Чем имевшиеся у них темы для разговора, похоже, и исчерпались. Оба замолчали и стали смотреть на Мэгги, которая возвращалась, держа в вытянутой руке банку с напитком.

– Эта чертова штука всю меня облила, – весело сообщила она. – Айра? Хочешь глоточек?

– Нет, спасибо.

– Мистер Отис?

– О, ну что вы, нет, полагаю, что нет, но все равно премного благодарен.

Она устроилась между ними, откинула голову назад, сделала долгий, шумный глоток.

Айре захотелось разложить пасьянс. Это бездельничанье действовало ему на нервы. Хотя, судя по тому, как плясали воздушные шарики, карты могло сдуть, поэтому он просто сунул ладони под мышки и, сгорбившись, привалился к стене.

Такие же шарики продавали в «Харборплейсе» или где-то рядом. Одинокие, угрюмые мужчины стояли на уличных углах, а над их головами колыхались в воздухе майларовые ромбы. Он помнил, как они очаровали сестру, Джуни, когда та впервые их увидела. Бедная Джуни: в каком-то смысле с головой у нее даже хуже, чем у Дорри, – она более ограниченна, более замкнута в своем мирке. Одно время они пытались растолковать ей это. Произносили бессмысленные фразы: «Ну что может произойти в самом худшем случае?» и «Я же буду с тобой». Но понемногу перестали. Сдались – пусть сидит на одном месте.
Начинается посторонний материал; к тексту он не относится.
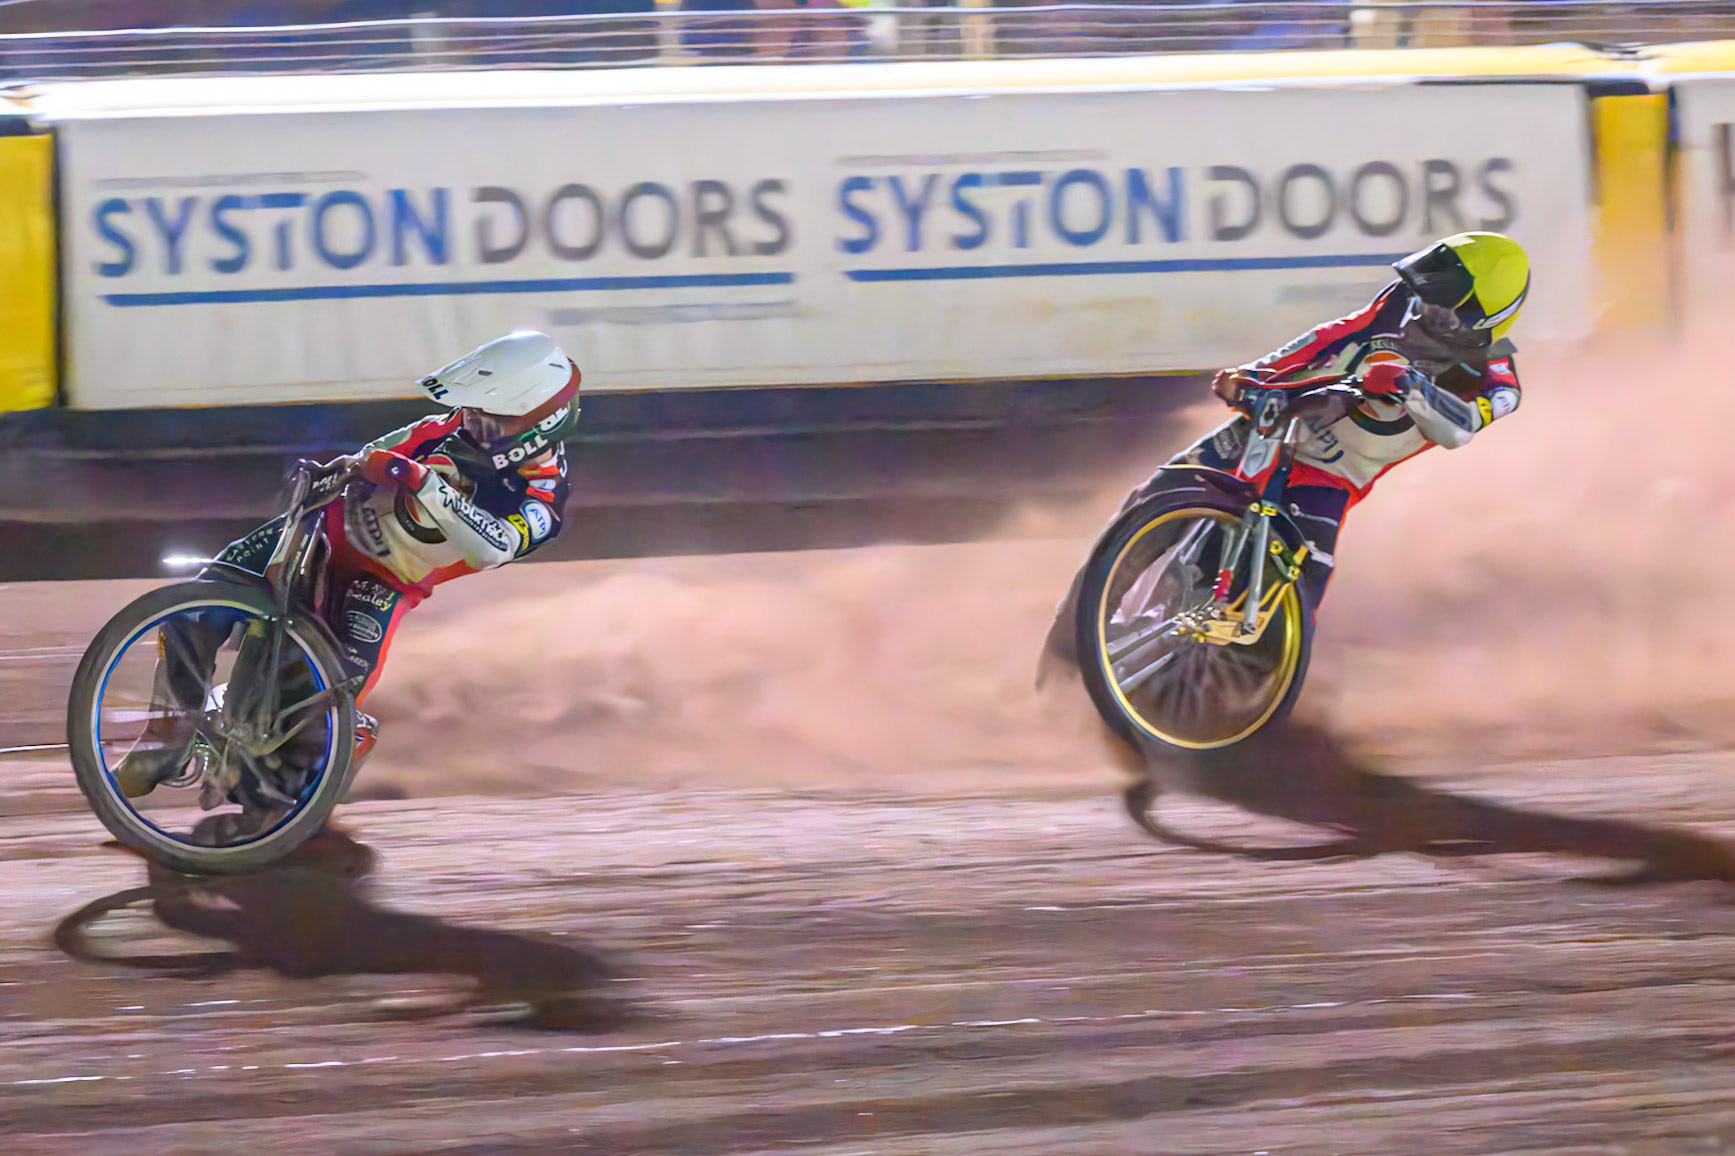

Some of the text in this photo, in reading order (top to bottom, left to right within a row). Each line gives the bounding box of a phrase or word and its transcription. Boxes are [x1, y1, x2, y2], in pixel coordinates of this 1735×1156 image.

[94, 178, 794, 277] SYSTON DOORS
[839, 157, 1517, 254] SYSTON DOORS
Все, кроме Мэгги. Мэгги слишком упряма, чтобы сдаваться. И после нескольких лет неудачных попыток у Мэгги появилась мысль: Джуни можно уговорить выйти из дома, если ее переодеть до неузнаваемости. Мэгги купила ей ярко-рыжий парик, облегающее платье с рисунком из маков и лакированные туфли на застежках и с высокими каблуками. Лицо Джуни она густо покрыла косметикой. И, к общему изумлению, – это сработало. Испуганно и безрадостно хихикая, Джуни позволила Мэгги и Айре вывести ее на крыльцо дома. На следующий день – немного дальше. А там и до конца квартала. Правда, всякий раз это требовало присутствия Айры. С одной лишь Мэгги она выходить отказывалась – Мэгги не была кровной родственницей. (Собственно говоря, и отец Айры никогда Мэгги по имени не называл, только «Мадам». «Мадам тоже придет, Айра?» – титул, точно отражавший насмешливое, скептическое отношение к ней, которое отец усвоил с самого начала.)

«Ты понимаешь, что происходит? – говорила Мэгги. – Когда Джуни переодевается, из дома выходит не она, а кто-то другой. Настоящая Джуни остается дома, где ей ничто не грозит».

Очевидно, она была права. Обеими руками вцепившись в предплечье Айры, Джуни дошла до аптеки и попросила номер «Дайджеста мыльной оперы». Дошла до продуктового и потребовала куриной печени – повелительно и развязно, как будто обратилась совершенно в другую женщину – яркую, а то и шлюховатую, – женщину, которой все равно, что о ней думают. Затем она снова расхихикалась и спросила у Айры, как у нее получается. Что же, Айра был, конечно, доволен ее успехами, однако некоторое время спустя происходящее стало ему надоедать. Ей хотелось побывать и там и сям, и всякий раз это напоминало постановку пьесы: приготовления, переодевание, грим, уверения, которыми ему приходилось осыпать Джуни. Да еще эти нелепые каблуки, которые ей шагу ступить не давали. Она словно по свежевымытому полу шла. Честное слово, было бы проще, если бы она по-прежнему сидела дома, думал Айра. Но стыдил себя за эту мысль.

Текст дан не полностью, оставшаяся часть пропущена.